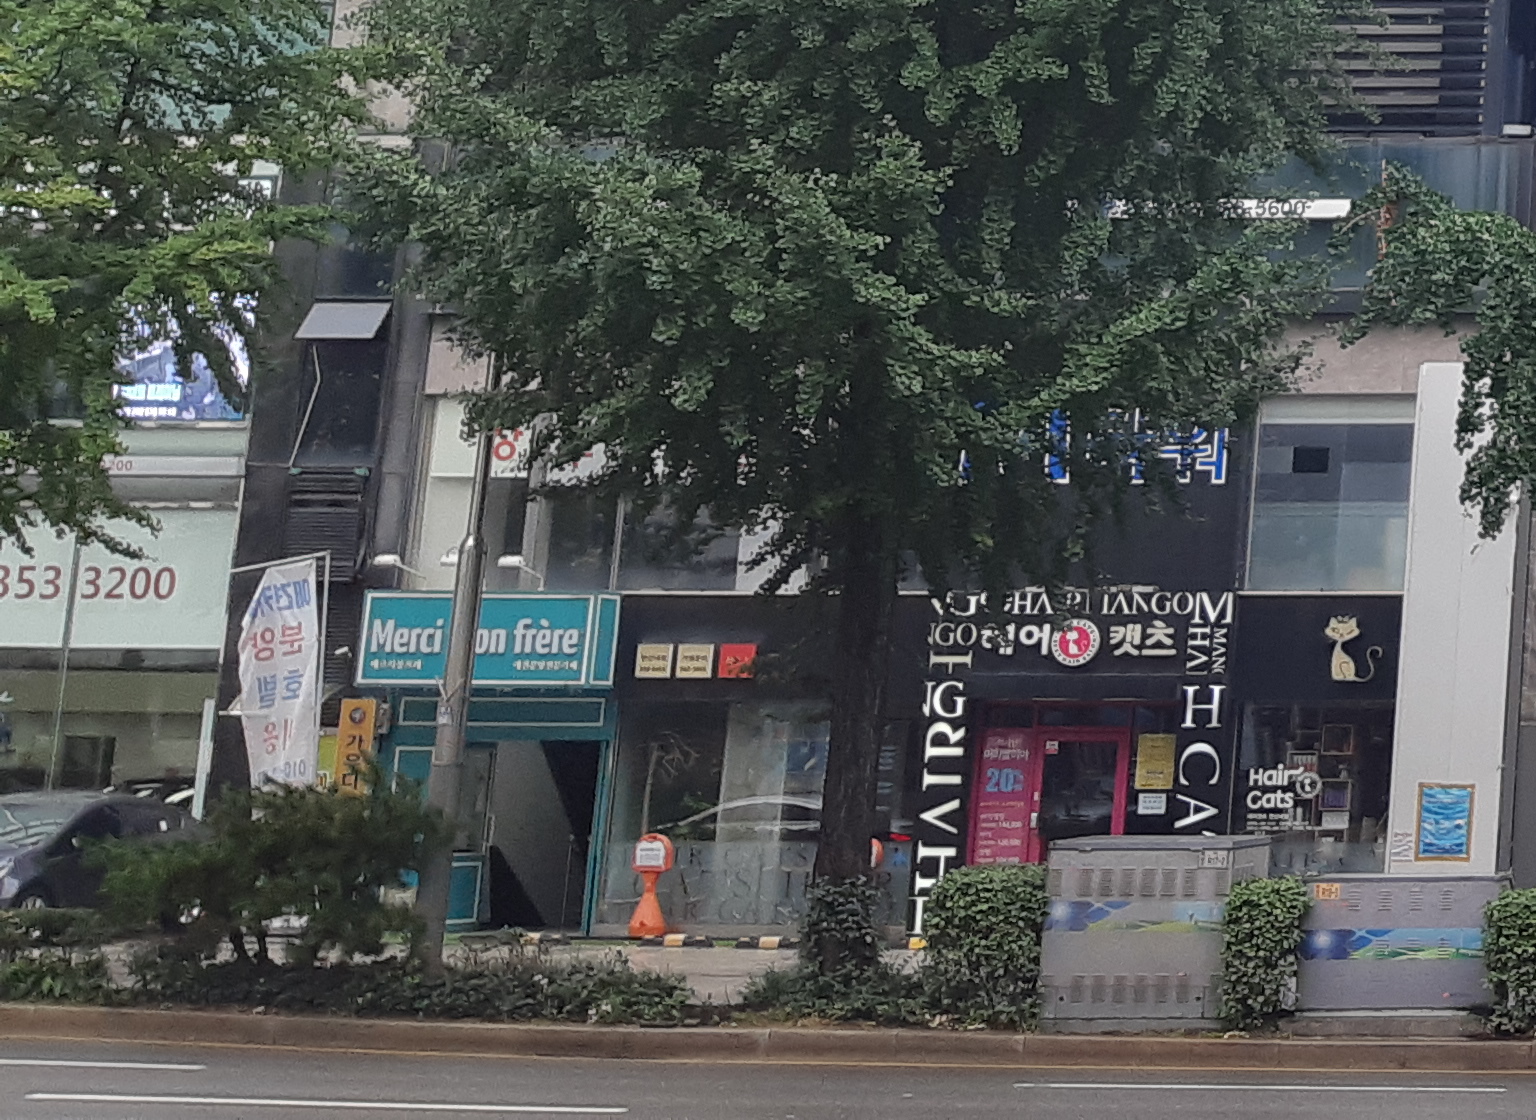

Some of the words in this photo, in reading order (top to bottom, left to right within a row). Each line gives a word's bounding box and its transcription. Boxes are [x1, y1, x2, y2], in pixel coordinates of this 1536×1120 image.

[80, 565, 177, 600] 3200
[370, 618, 446, 654] Merci
[513, 617, 579, 655] frère
[1109, 621, 1177, 657] 캣츠
[1249, 763, 1304, 787] Hair
[1246, 790, 1294, 809] Cats

● ● ●

Each record should be printed again precisely, though not its pictures.

Some of the words in this photo, in reading order (top to bottom, left to right within a row). Each line gives a word's bounding box and its transcription. Boxes are [x1, y1, x2, y2], in pixel coordinates of this 1536×1120 image.

[80, 565, 177, 600] 3200
[370, 618, 446, 654] Merci
[513, 617, 579, 655] frère
[1109, 621, 1177, 657] 캣츠
[1249, 763, 1304, 787] Hair
[1246, 790, 1294, 809] Cats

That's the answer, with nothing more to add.